Der Autor, von dem hier die Rede ist, ist nicht irgendeiner, dem man abwinkend alles nachsieht, es ist Volker Weidermann, dessen Buch „Max Frisch. Sein Leben, seine Bücher“ neben anderem einen Hang zur Überinterpretation von Fotos zeigt. Das Verfahren ist aus der Geschichte des Porträtierens unrühmlich bekannt. Es geht bis auf einen gewissen Lavater zurück, auch ein Schweizer, was hier wenig bedeuten will, der sich sogar fähig wähnte, aus Schattenrissen und Scherenschnitten ganze Persönlichkeitsdiagnosen zu formulieren. Sollte Max Frisch auf den Fotos fröhlich ausgesehen haben, heißt das so wenig, dass er den Krieg auf die leichte Schulter nahm wie umgekehrt, dass er mit suizidalen Erwägungen umging, weil sein Blick weltverloren wirkte. Nein, Max Frisch hat, wie nahezu alle männlichen Schweizer, seinen Militärdienst geleistet, erstmals 1931, das war das, was man Grundausbildung nennen müsste, und später, wenn er einberufen wurde. „Blätter aus dem Brotsack“ sind Aufzeichnungen über die erste Dienstphase unmittelbar nach Kriegsbeginn. Diese Phase endete schon Ende Oktober 1939. Weil in diesen Blättern steht, dass es einen ausdrücklichen Schreibauftrag an den Kanonier Frisch gab, werden sie immer als ein Auftragswerk verstanden.
Wer ehrlich ist, kann solche Lesart keinesfalls dem Text selbst abgewinnen. Denn dort steht wohl ziemlich am Anfang dies: „Es handle sich um ein Tagebuch, das geschrieben werden sollte, so ein Tagebuch unseres Grenzdienstes. Jeden Tag während der Geschützschule stehe eine Stunde zur Verfügung, auch ein feldgraue Schreibmaschine sei da.“ Das bedeutet aber mitnichten, dass der Text, der als „Blätter aus dem Brotsack“ sogar Buchform gewann, nachdem es Vorabdrucke gab, identisch ist mit jenem täglichen Pflichttext, den Max Frisch auf der feldgrauen Schreibmaschine zu tippen hatte.
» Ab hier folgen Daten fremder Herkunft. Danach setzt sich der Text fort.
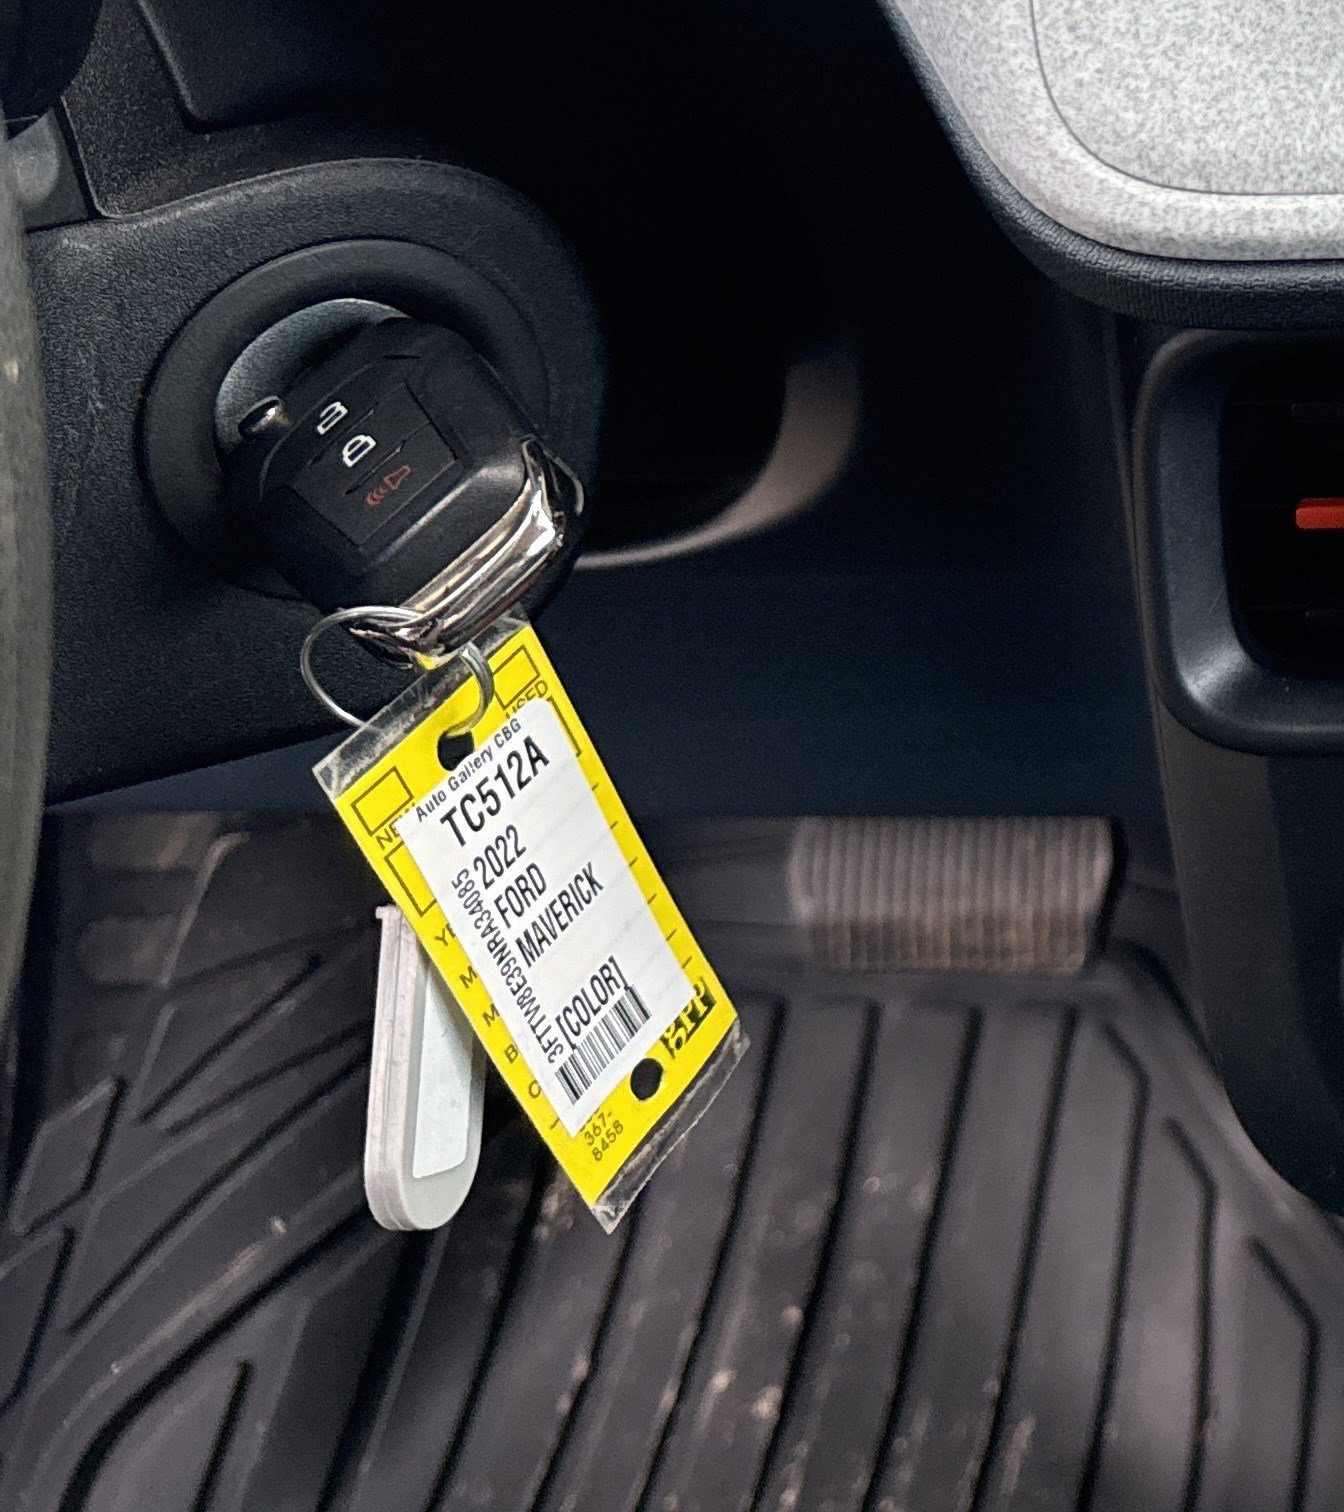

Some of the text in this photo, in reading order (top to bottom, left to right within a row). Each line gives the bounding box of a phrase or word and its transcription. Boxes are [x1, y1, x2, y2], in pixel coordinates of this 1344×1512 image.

[415, 718, 522, 822] Auto Gallery CBG
[439, 736, 550, 847] TC512A
[473, 824, 527, 890] 2022
[494, 862, 547, 929] FORD
[515, 861, 604, 968] MAVERICK
[555, 955, 633, 1049] [COLOR]
[592, 1119, 625, 1162] 8458
Wer auch nur ein ganz winziges bisschen Ahnung von Militärdienst hat, dazu reichen ein paar Monate Zivildienst bei der Bundeswehr oder gar des Wehrdienstverweigerers volle Enthaltsamkeit eben nicht hin, der weiß, dass auch der freundlichste Hauptmann der Schweiz niemals das als das gewünschte Tagebuch hätte gelten lassen, was Frisch mit seinen „Blättern“ lieferte. Es ist ja nicht einmal im förmlichen Sinne ein Tagebuch, denn es fehlen, als Minimum, die Tage. Es fehlt das Faktische. Es gibt allerhand genaue Beobachtungen, allerhand kluge Reflexionen, allerhand farbige, poetische Beschreibungen, der Grenzdienst selbst aber kommt eher knapp weg.
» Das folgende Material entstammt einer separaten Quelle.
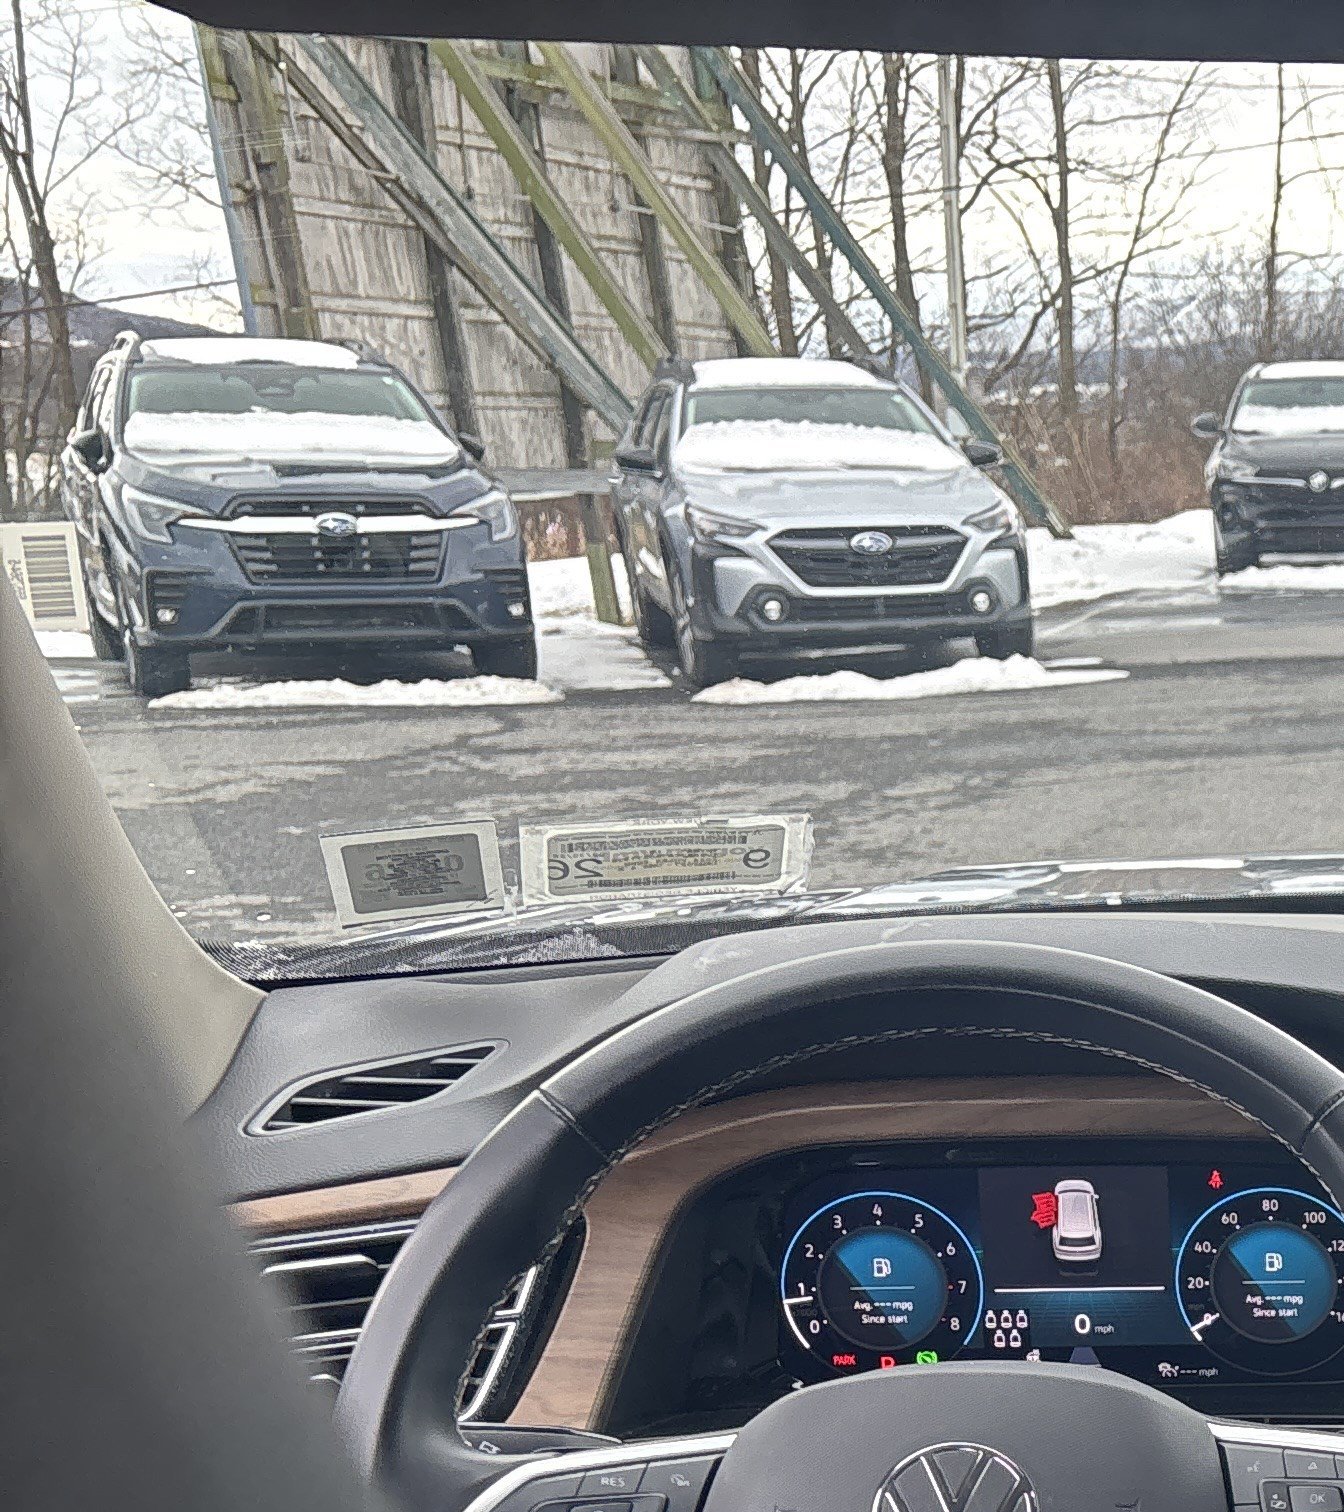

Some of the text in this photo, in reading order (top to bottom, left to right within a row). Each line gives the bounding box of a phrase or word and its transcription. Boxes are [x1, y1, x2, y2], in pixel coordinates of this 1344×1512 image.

Man könnte, dem heutigen Zeitgeist in Deutschland nachtapsend, die pseudoprovokatorische Frage stellen: War Frisch ein Rassist? Denn zweimal in den „Blättern“ kommt das Wort Neger vor, spitzfingrig vor Ekel jetzt meist nur noch das „N-Wort“ genannt, als hätte es ausgeschrieben den Ansteckungsgrad von Pest, Cholera, Ebola und Covid in einem. Einmal ist ein Korporal, im Zivilleben Maurer, „untertänig wie ein Neger“, das andere Mal lassen sich Soldaten in einem sehr reichen Haus, dorthin vom Fahrer des Barons geladen, in der Küche „von einem Neger bedienen.“ Nein, natürlich war Max Frisch kein Rassist. Er ist, als er diesen ersten Grenzdienst in Tessin nach dem Überfall Deutschlands auf Polen antritt, immerhin schon reichlich 28 Jahre alt. Als ich meinen Grundwehrdienst in der NVA der DDR 1971 antrat, waren 28 Jahre alte Mitsoldaten unfassbar alte Männer, die verheiratet, bisweilen Diplom-Ingenieure waren, die Kinder hatten, eigene Häuser sogar in einzelnen Fällen. Solche „Erwachsenen“ sahen das Leben, also auch das Militärleben, einerseits gelassener, andererseits aber auch betroffener. Max Frisch hat in seinen Aufzeichnungen thematisiert, was ich als „Sinn des Soldatseins“, in Halbleinen sogar gedruckt, studieren durfte.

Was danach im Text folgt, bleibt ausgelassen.